Objective: Simple randomization, stratified block randomization and minimization are three most commonly used allocation methods in clinical trials. Our objective was to make a comparison of their balance ability from the true data of a clinical trial with a serials observational point from 50 to 1350 patients in 552 combined strata. Study design: We created random sequences by SAS plan program, and then allocated patients by MINI (Minimization), SB4 (Stratified Block randomization with block length of 4) and SR (Simple Randomization) when the sample size reach 50, 100, 300, 500, 800, 1000 and 1350 from a real clinical trial cohort and repeated 1000 times, standardized difference was used to evaluate the balance of baseline covariates. Results: When the number of subjects was small, minimization had the advantages against other two allocation methods. Stratified randomization achieved a slightly better balance result than simple randomization in given conditions. With the increasing number of patients, the difference between simple randomization and minimization or stratified block randomization decreased. Conclusions: We recommend minimization in small sample clinical trials when large number of combined strata exist, but prefer simple randomization when the sample size is large enough.
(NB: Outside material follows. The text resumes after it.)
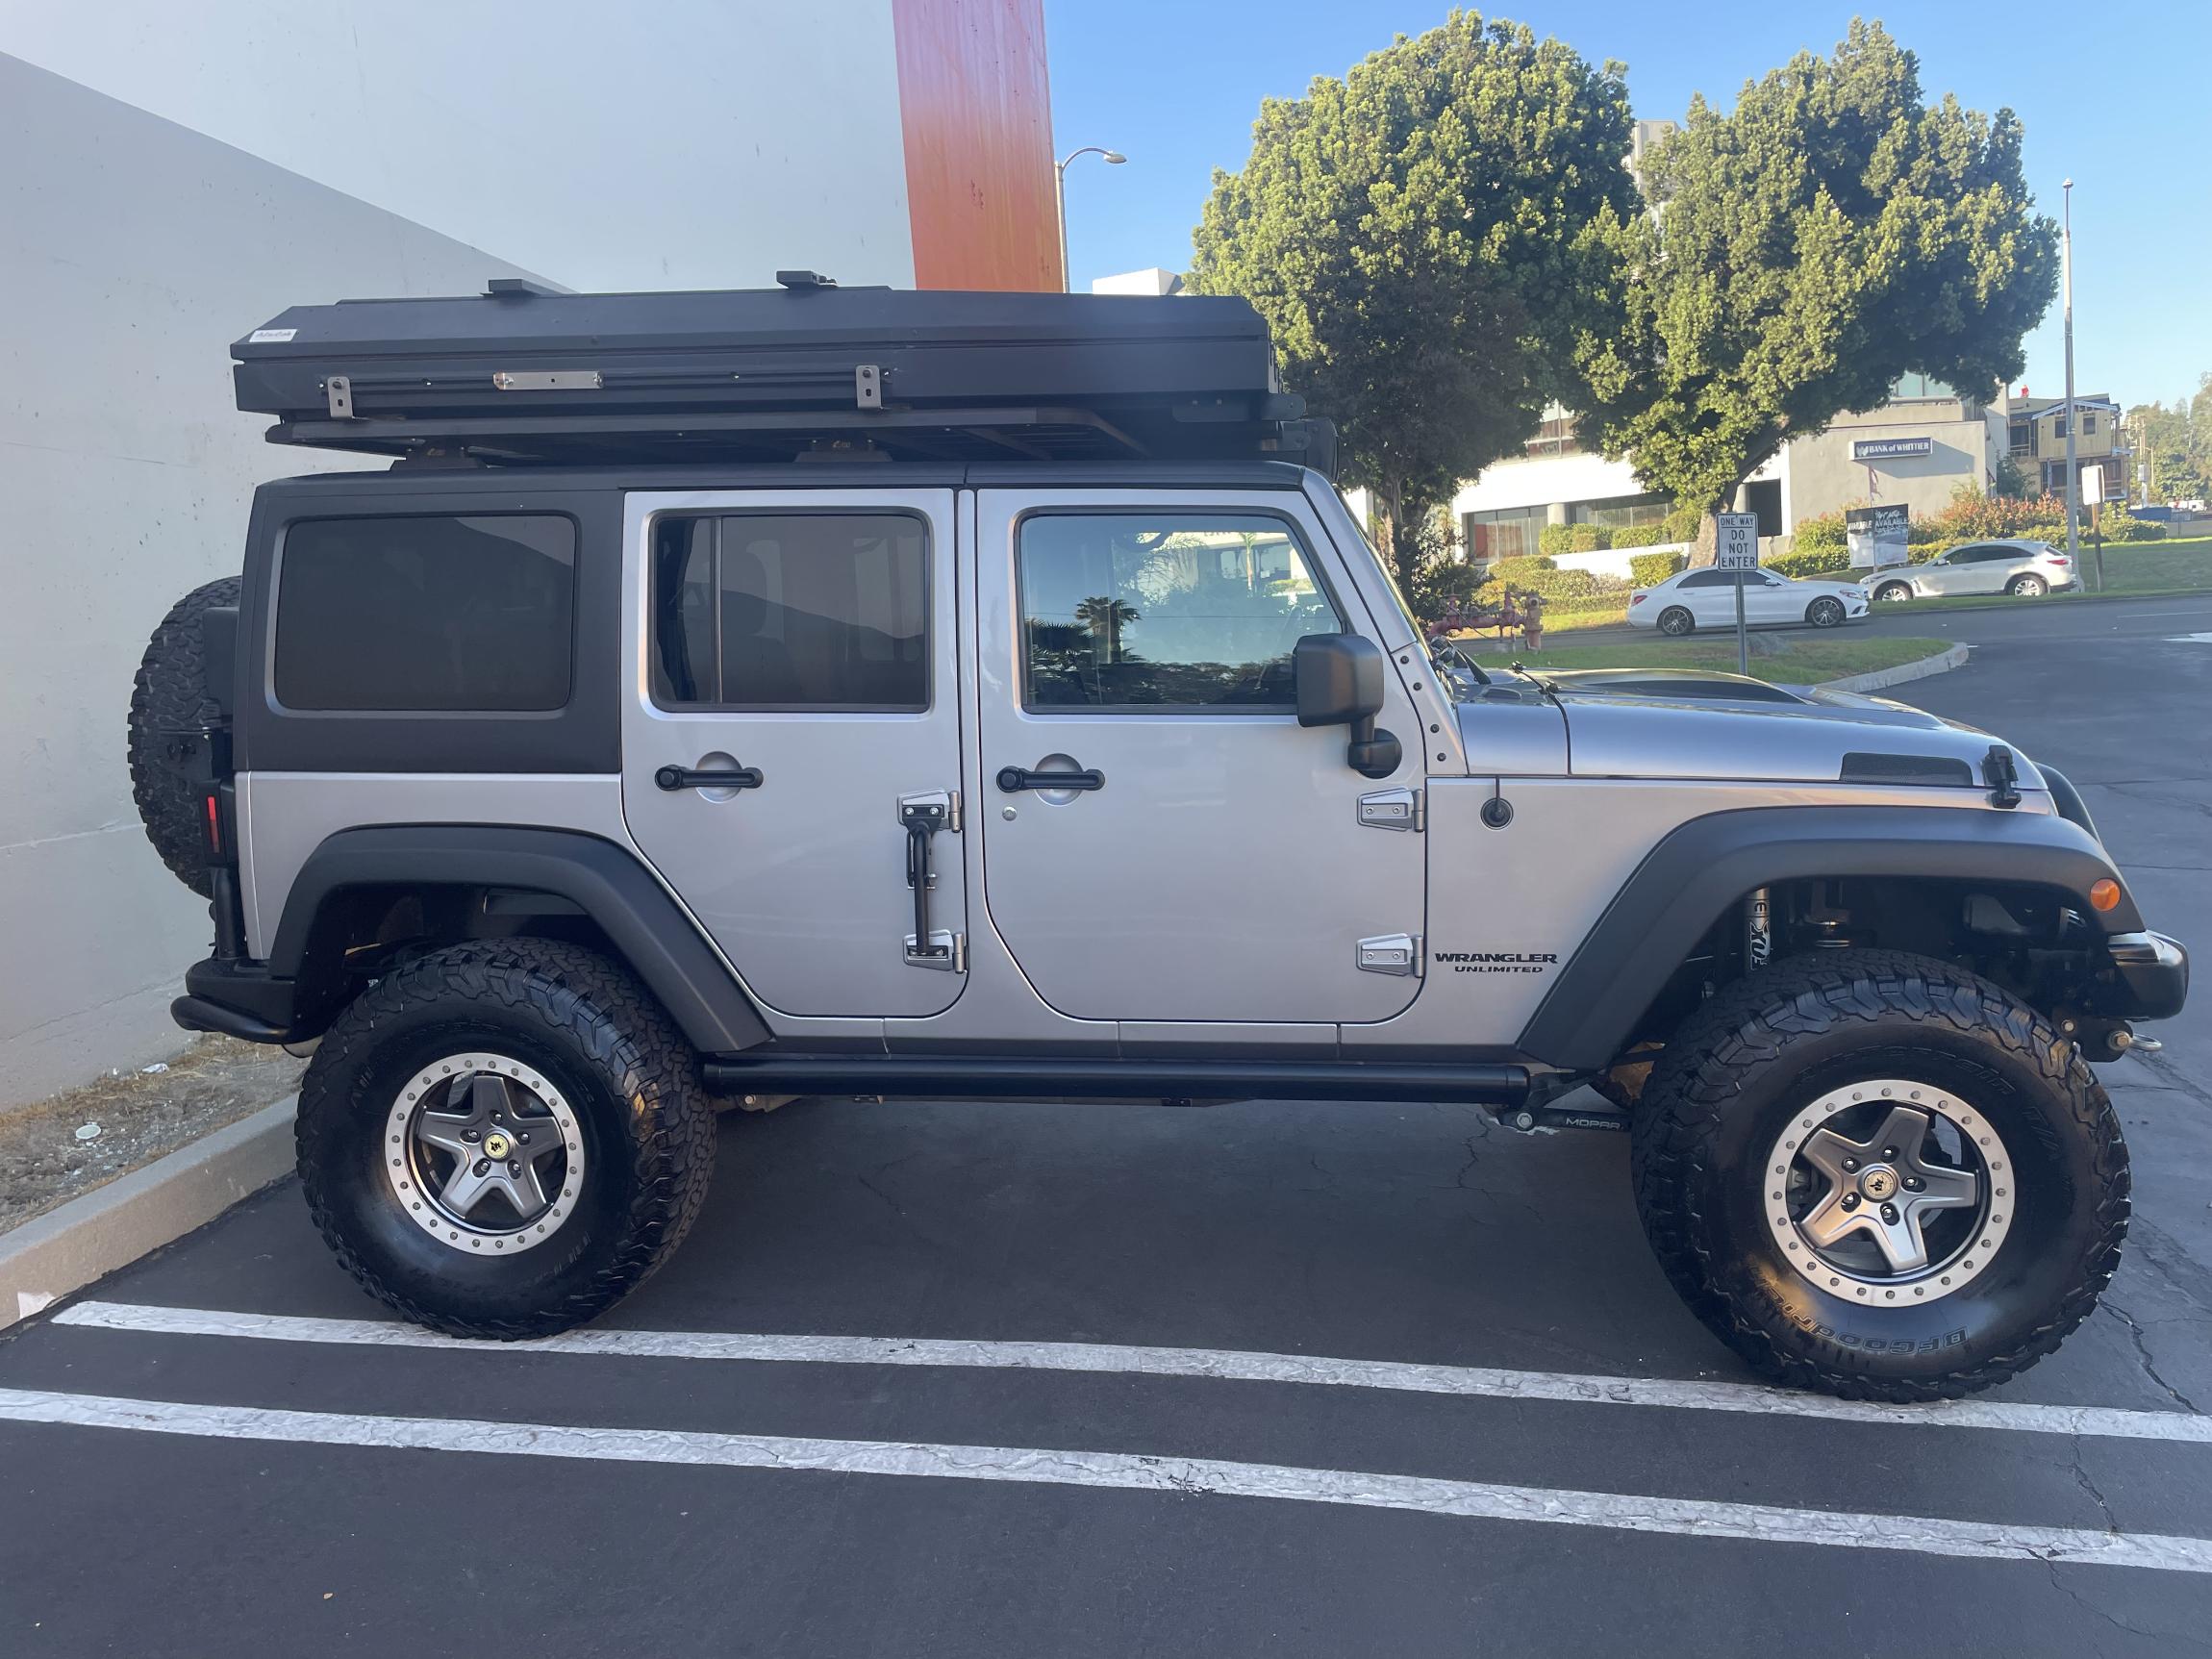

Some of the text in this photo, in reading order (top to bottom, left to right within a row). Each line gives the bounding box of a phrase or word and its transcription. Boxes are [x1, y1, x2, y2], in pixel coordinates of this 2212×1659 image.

从临床试验真实数据比较最小化、简单和分层块随机化的平衡能力
目的:简单随机化、分层块随机化和最小化是临床试验中最常用的三种分配方法。我们的目的是从临床试验的真实数据中比较他们的平衡能力,该临床试验具有从552个联合地层的50至1350名患者的连续观察点。研究设计:采用SAS计划程序创建随机序列,当样本量达到50、100、300、500、800、1000、1350时,采用MINI (Minimization)、SB4 (Stratified Block randomization, Block length为4)和SR (Simple randomization,简单随机化)进行分组,重复1000次,采用标准化差异评价基线共变量的均衡性。结果:在受试者数量较少的情况下,最小化分配方法优于其他两种分配方法。在给定条件下,分层随机化比简单随机化取得稍好的平衡结果。随着患者数量的增加,简单随机化与最小化或分层块随机化的差异减小。结论:当存在大量联合层时,我们建议在小样本临床试验中最小化,但当样本量足够大时,我们更倾向于简单随机化。
本文章由计算机程序翻译,如有差异,请以英文原文为准。